Task statement: Return all the entries word for word, minus the pictures.

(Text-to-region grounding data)
☆ ☆ ☆ ☆ ☆
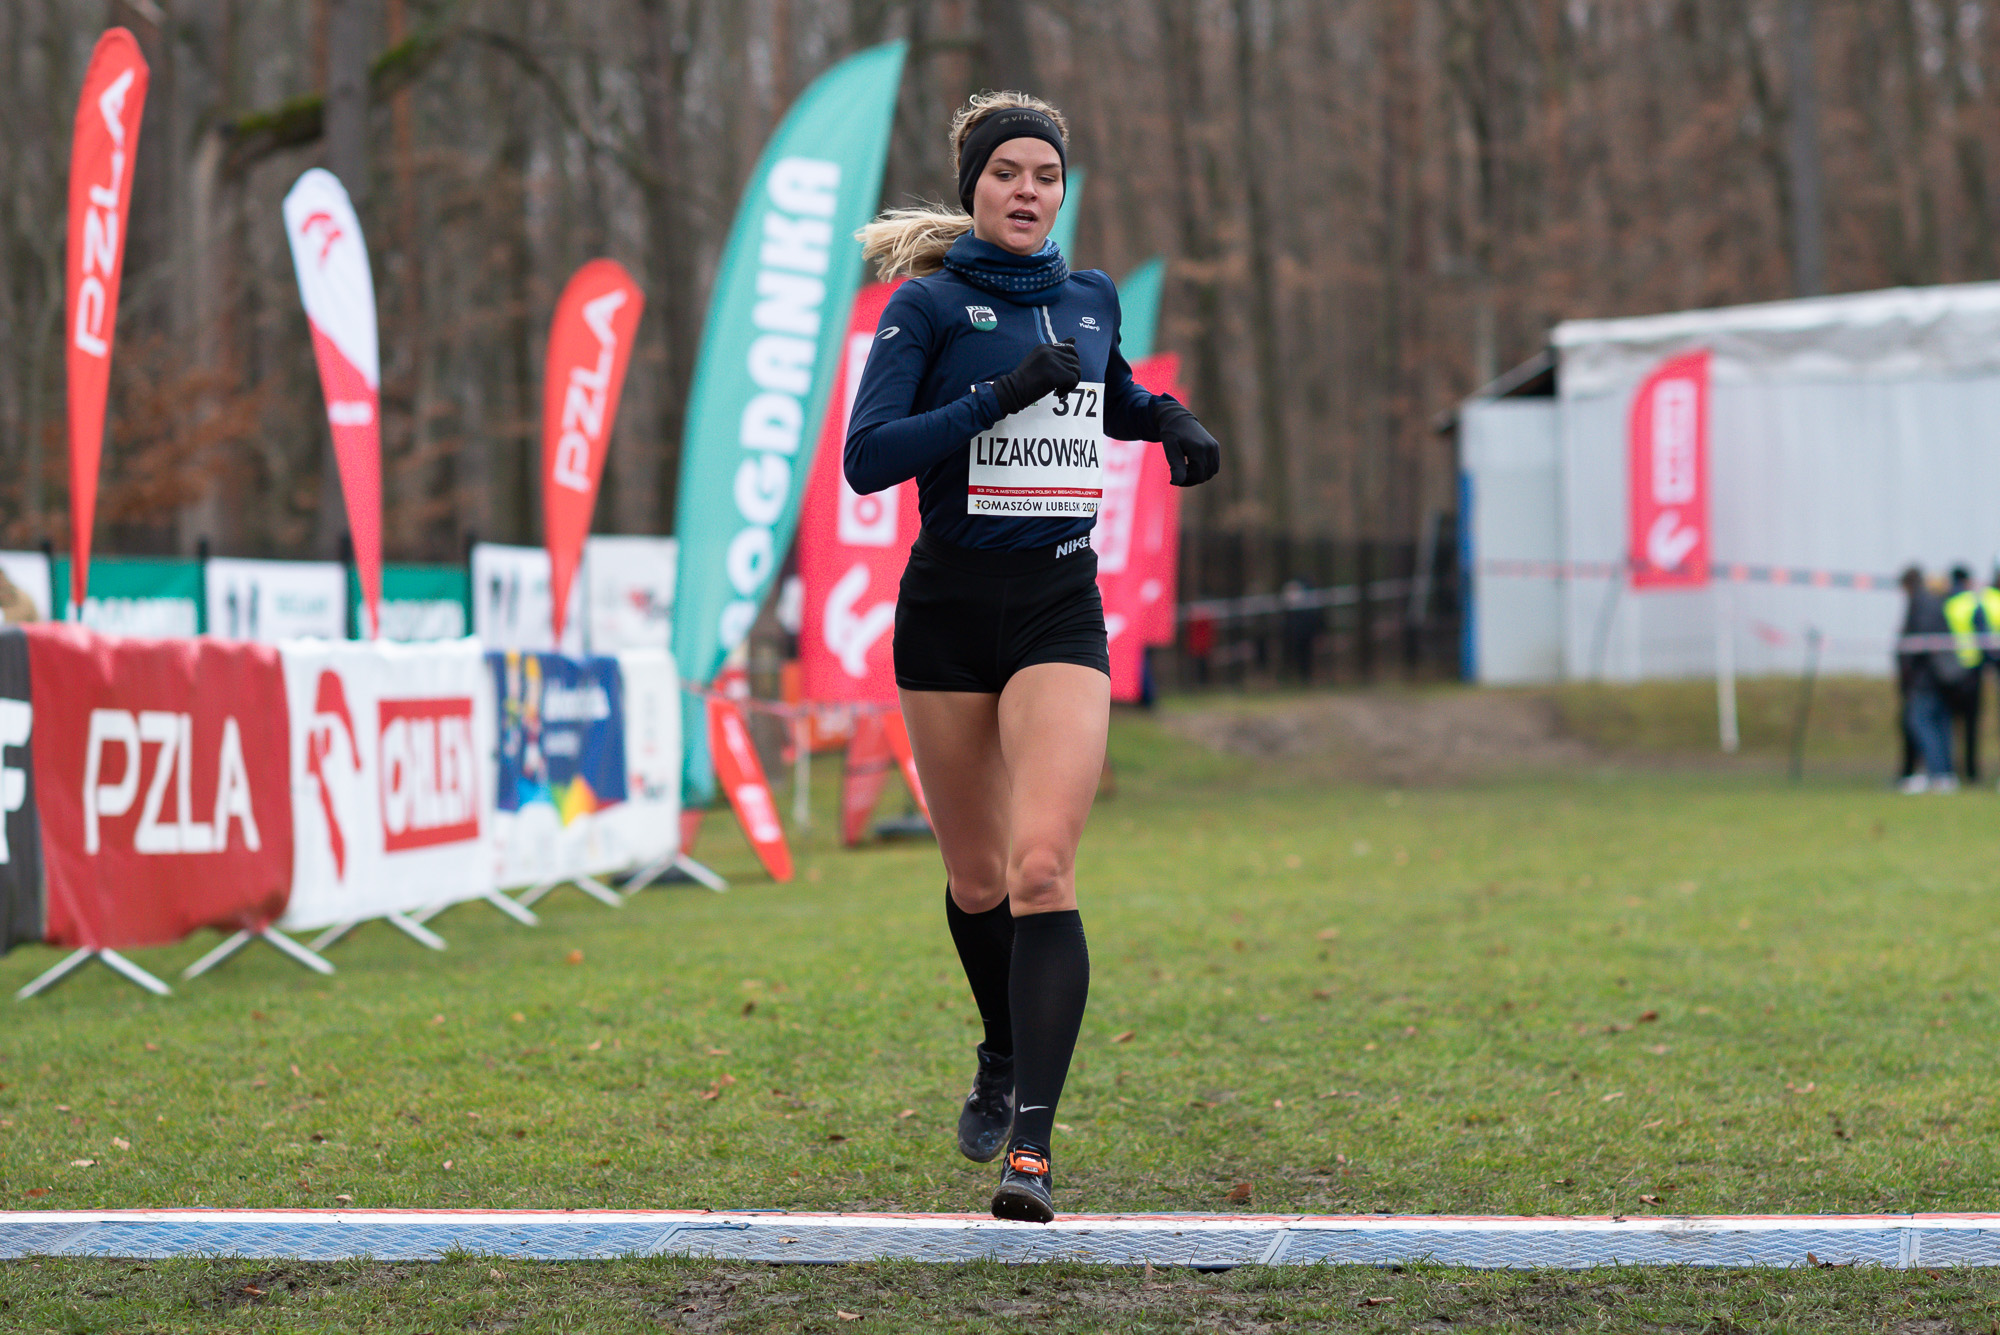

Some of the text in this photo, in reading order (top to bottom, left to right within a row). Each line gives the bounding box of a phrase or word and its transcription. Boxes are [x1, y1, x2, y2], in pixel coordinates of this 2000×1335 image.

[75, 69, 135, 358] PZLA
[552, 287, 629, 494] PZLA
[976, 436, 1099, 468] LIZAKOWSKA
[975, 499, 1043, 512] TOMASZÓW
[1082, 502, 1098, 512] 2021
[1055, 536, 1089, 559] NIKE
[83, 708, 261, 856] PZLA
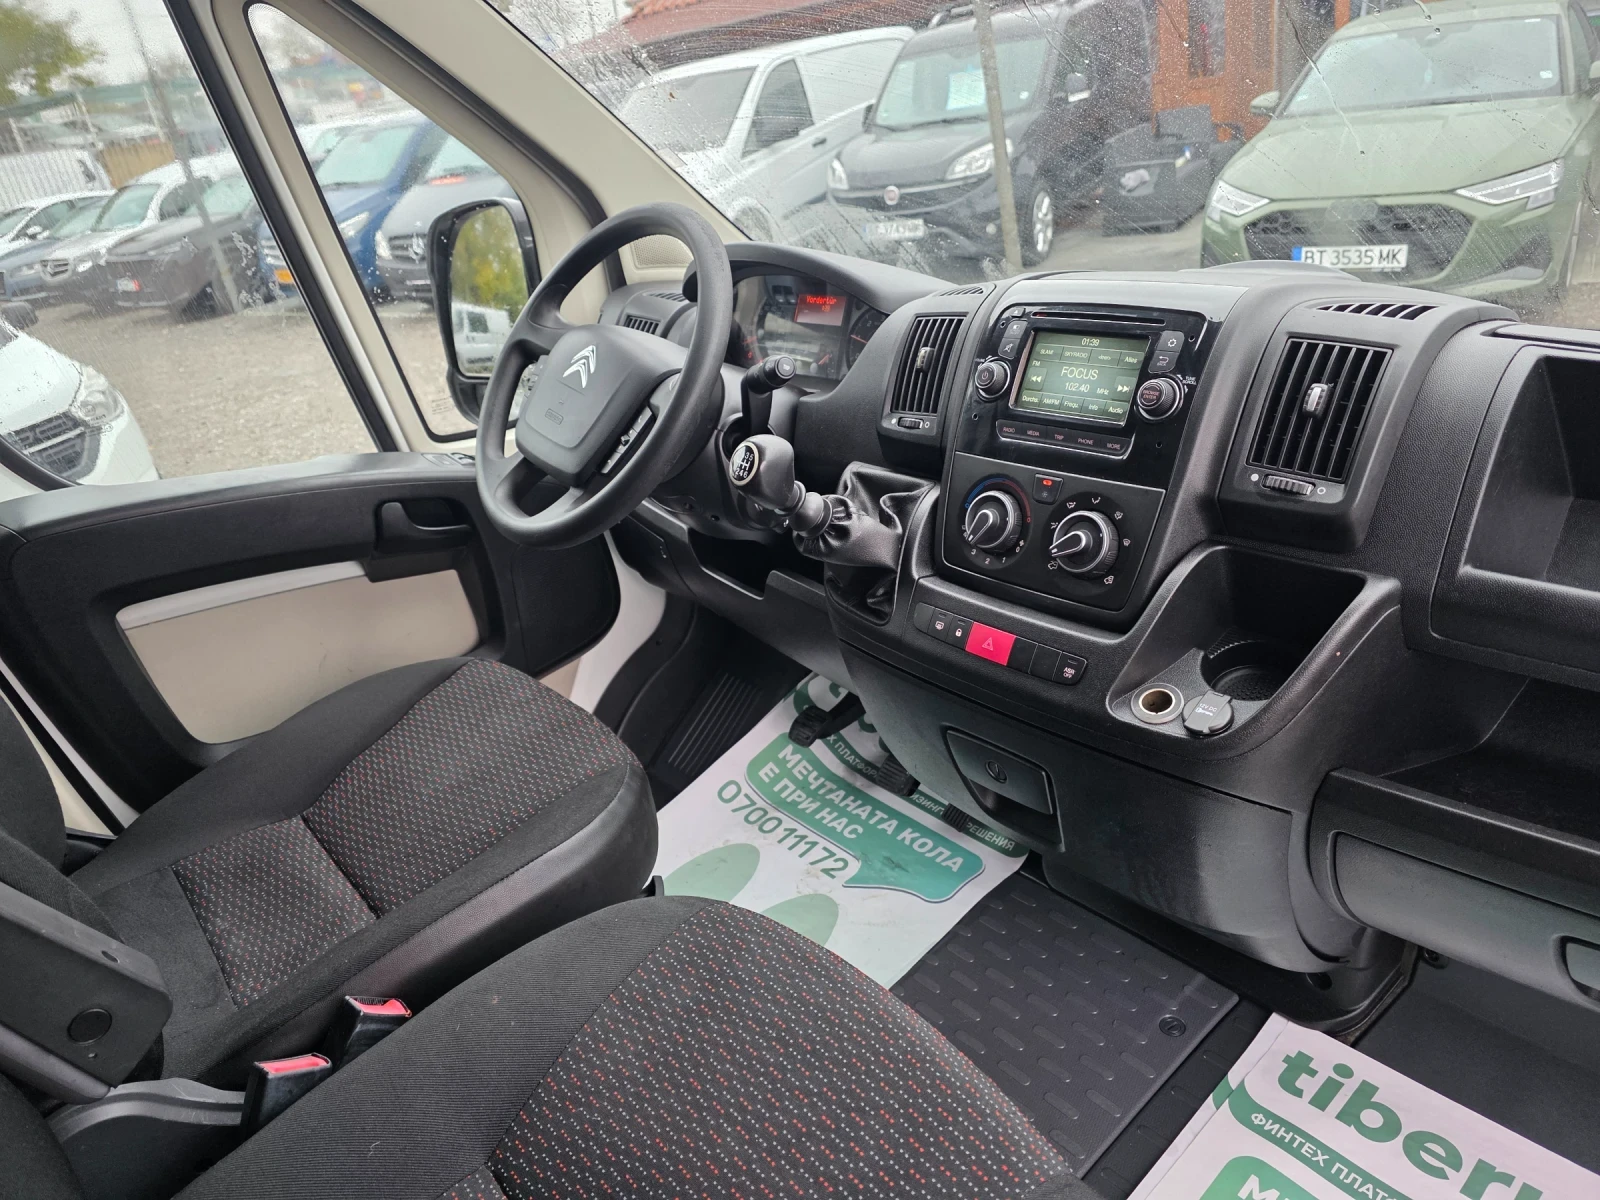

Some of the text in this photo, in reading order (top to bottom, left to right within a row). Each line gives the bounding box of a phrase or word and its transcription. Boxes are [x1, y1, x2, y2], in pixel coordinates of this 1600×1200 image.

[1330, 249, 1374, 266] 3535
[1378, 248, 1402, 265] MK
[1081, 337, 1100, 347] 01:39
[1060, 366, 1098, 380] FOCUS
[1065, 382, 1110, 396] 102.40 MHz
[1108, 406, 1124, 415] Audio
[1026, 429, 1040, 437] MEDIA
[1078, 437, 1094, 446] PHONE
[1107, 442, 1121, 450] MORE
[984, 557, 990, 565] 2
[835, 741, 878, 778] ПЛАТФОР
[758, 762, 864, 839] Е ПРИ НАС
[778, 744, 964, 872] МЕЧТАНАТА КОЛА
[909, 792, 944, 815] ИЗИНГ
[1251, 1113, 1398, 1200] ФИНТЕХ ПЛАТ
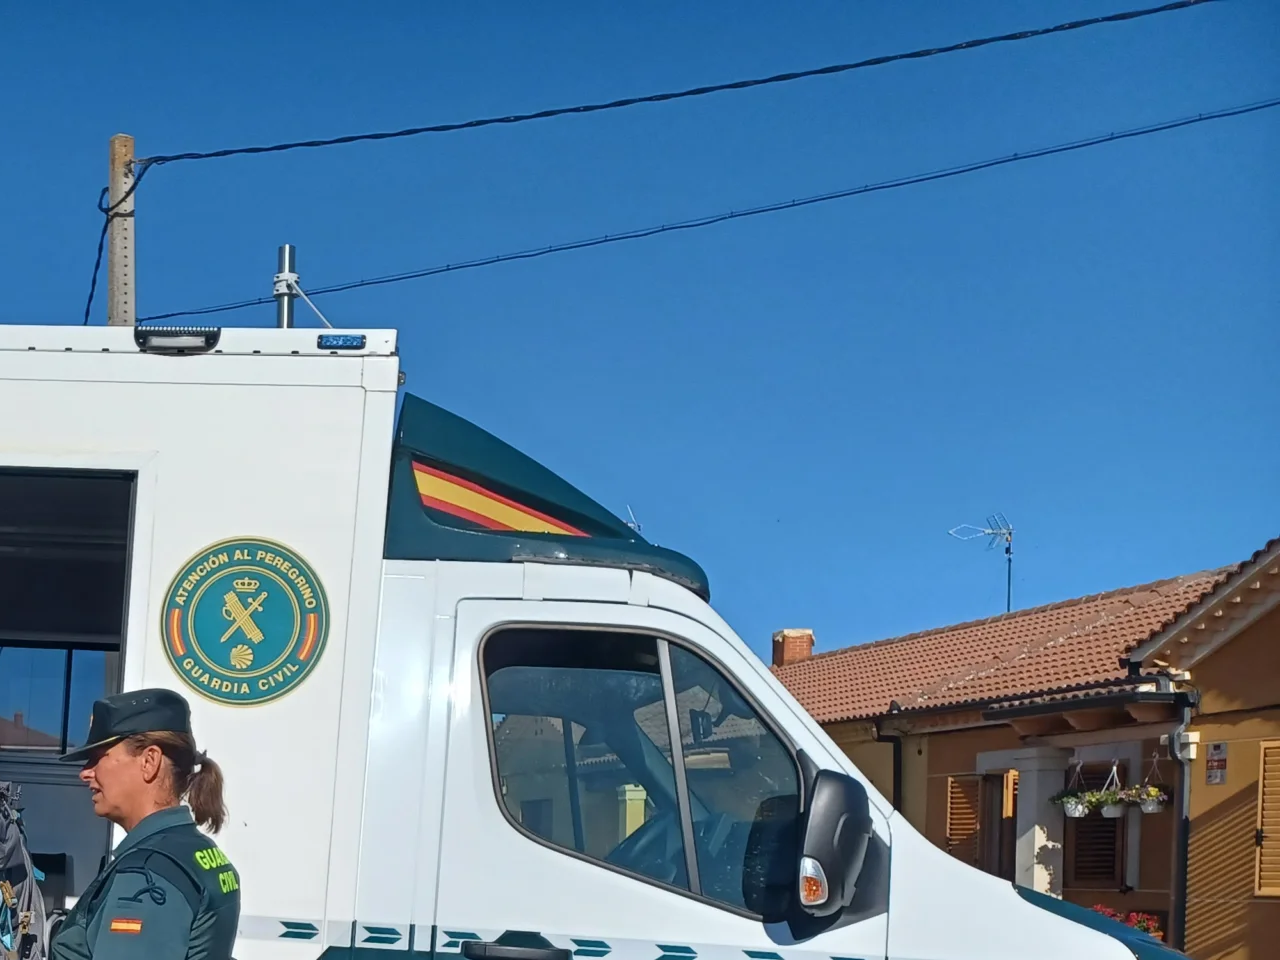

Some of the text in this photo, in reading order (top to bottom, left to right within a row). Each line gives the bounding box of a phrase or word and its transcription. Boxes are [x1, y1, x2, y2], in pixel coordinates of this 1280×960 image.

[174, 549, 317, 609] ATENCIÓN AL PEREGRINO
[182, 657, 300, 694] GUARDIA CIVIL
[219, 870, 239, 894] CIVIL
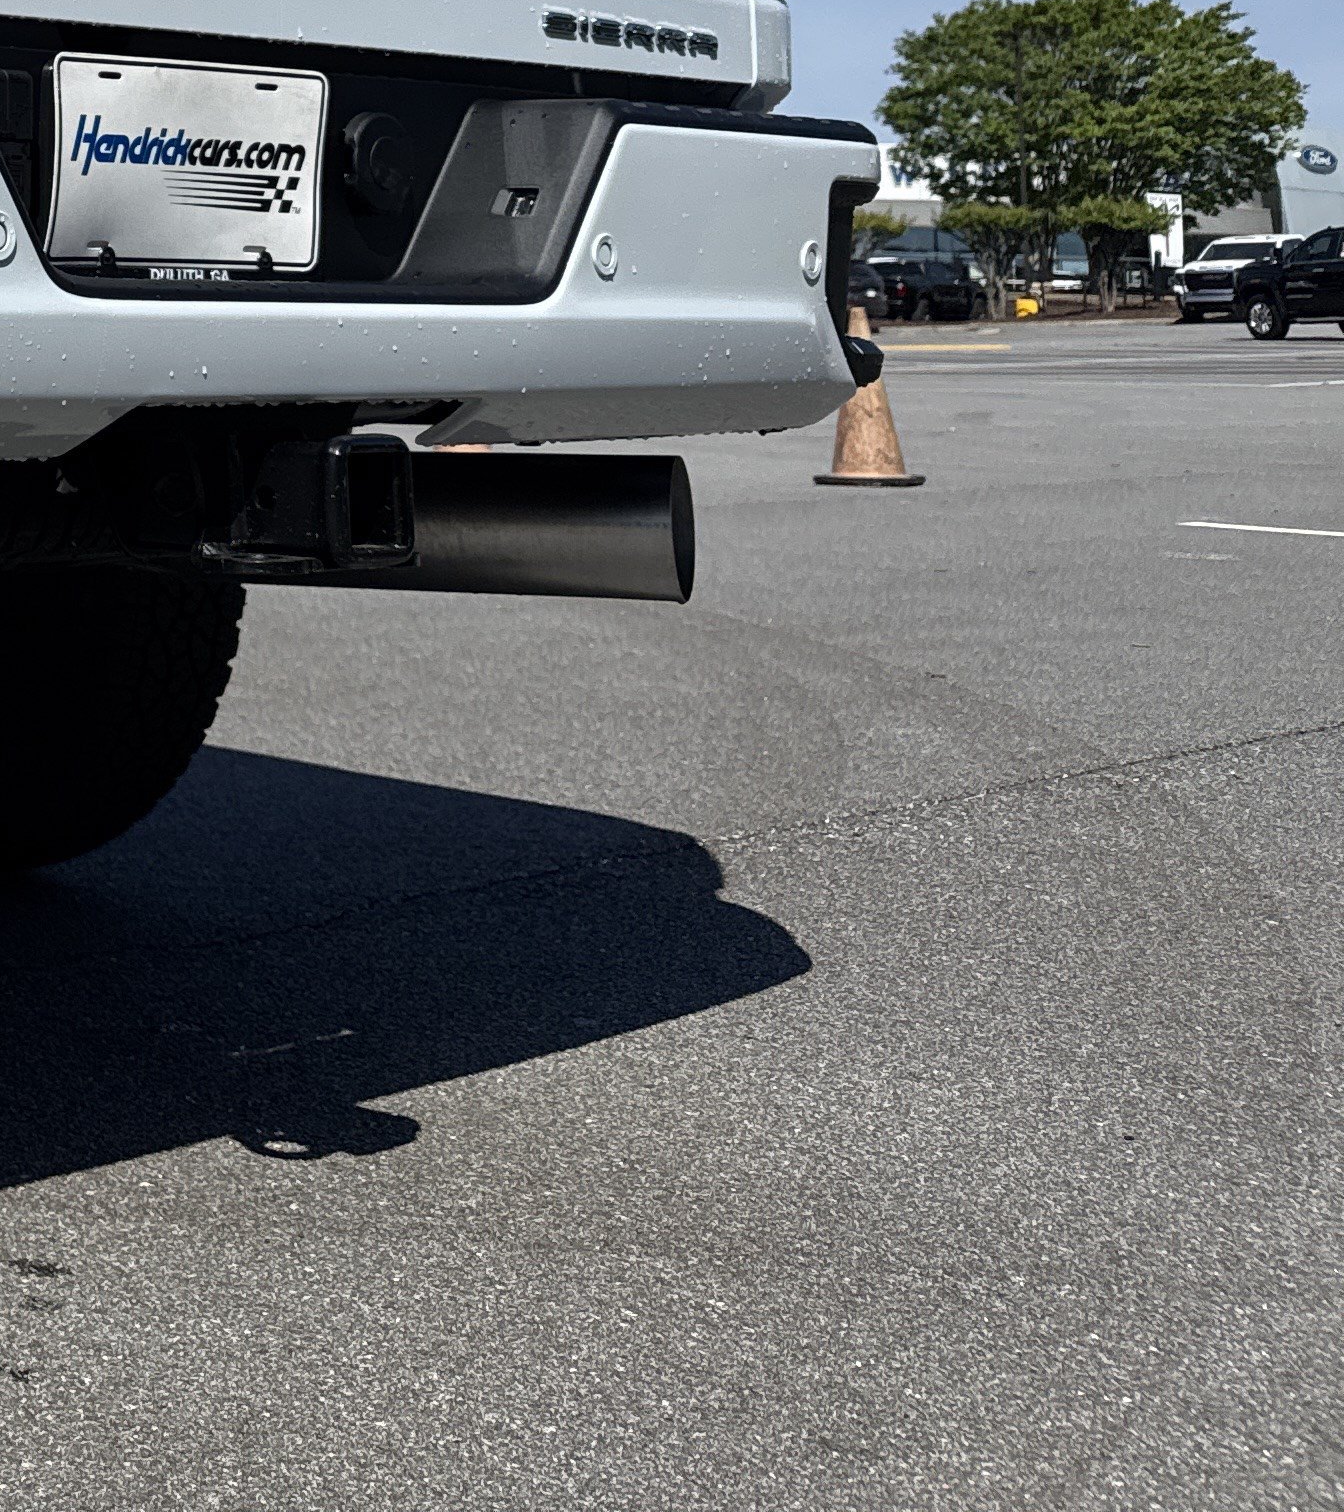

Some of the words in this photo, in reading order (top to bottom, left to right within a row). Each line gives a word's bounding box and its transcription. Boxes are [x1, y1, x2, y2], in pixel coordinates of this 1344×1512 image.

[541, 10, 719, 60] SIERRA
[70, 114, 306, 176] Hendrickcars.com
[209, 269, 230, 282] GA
☆ ☆ ☆ ☆ ☆
Reply to the task:
Some of the text in this photo, in reading order (top to bottom, left to right within a row). Each line gives the bounding box of a phrase or word and its transcription. Boxes are [x1, y1, x2, y2], in pixel coordinates of this 2000×1335 image.

[75, 69, 135, 358] PZLA
[552, 287, 629, 494] PZLA
[976, 436, 1099, 468] LIZAKOWSKA
[975, 499, 1043, 512] TOMASZÓW
[1082, 502, 1098, 512] 2021
[1055, 536, 1089, 559] NIKE
[83, 708, 261, 856] PZLA

Some of the text in this photo, in reading order (top to bottom, left to right within a row). Each line gives the bounding box of a phrase or word and its transcription. Boxes are [x1, y1, x2, y2], in pixel coordinates of this 1600×1200 image.

[1330, 249, 1374, 266] 3535
[1378, 248, 1402, 265] MK
[1081, 337, 1100, 347] 01:39
[1060, 366, 1098, 380] FOCUS
[1065, 382, 1110, 396] 102.40 MHz
[1108, 406, 1124, 415] Audio
[1026, 429, 1040, 437] MEDIA
[1078, 437, 1094, 446] PHONE
[1107, 442, 1121, 450] MORE
[984, 557, 990, 565] 2
[835, 741, 878, 778] ПЛАТФОР
[758, 762, 864, 839] Е ПРИ НАС
[778, 744, 964, 872] МЕЧТАНАТА КОЛА
[909, 792, 944, 815] ИЗИНГ
[1251, 1113, 1398, 1200] ФИНТЕХ ПЛАТ

Some of the text in this photo, in reading order (top to bottom, left to right within a row). Each line gives the bounding box of a phrase or word and its transcription. Boxes are [x1, y1, x2, y2], in pixel coordinates of this 1280×960 image.

[174, 549, 317, 609] ATENCIÓN AL PEREGRINO
[182, 657, 300, 694] GUARDIA CIVIL
[219, 870, 239, 894] CIVIL

Some of the words in this photo, in reading order (top to bottom, left to right within a row). Each line gives a word's bounding box and its transcription. Boxes are [x1, y1, x2, y2], in pixel coordinates of this 1344×1512 image.

[541, 10, 719, 60] SIERRA
[70, 114, 306, 176] Hendrickcars.com
[209, 269, 230, 282] GA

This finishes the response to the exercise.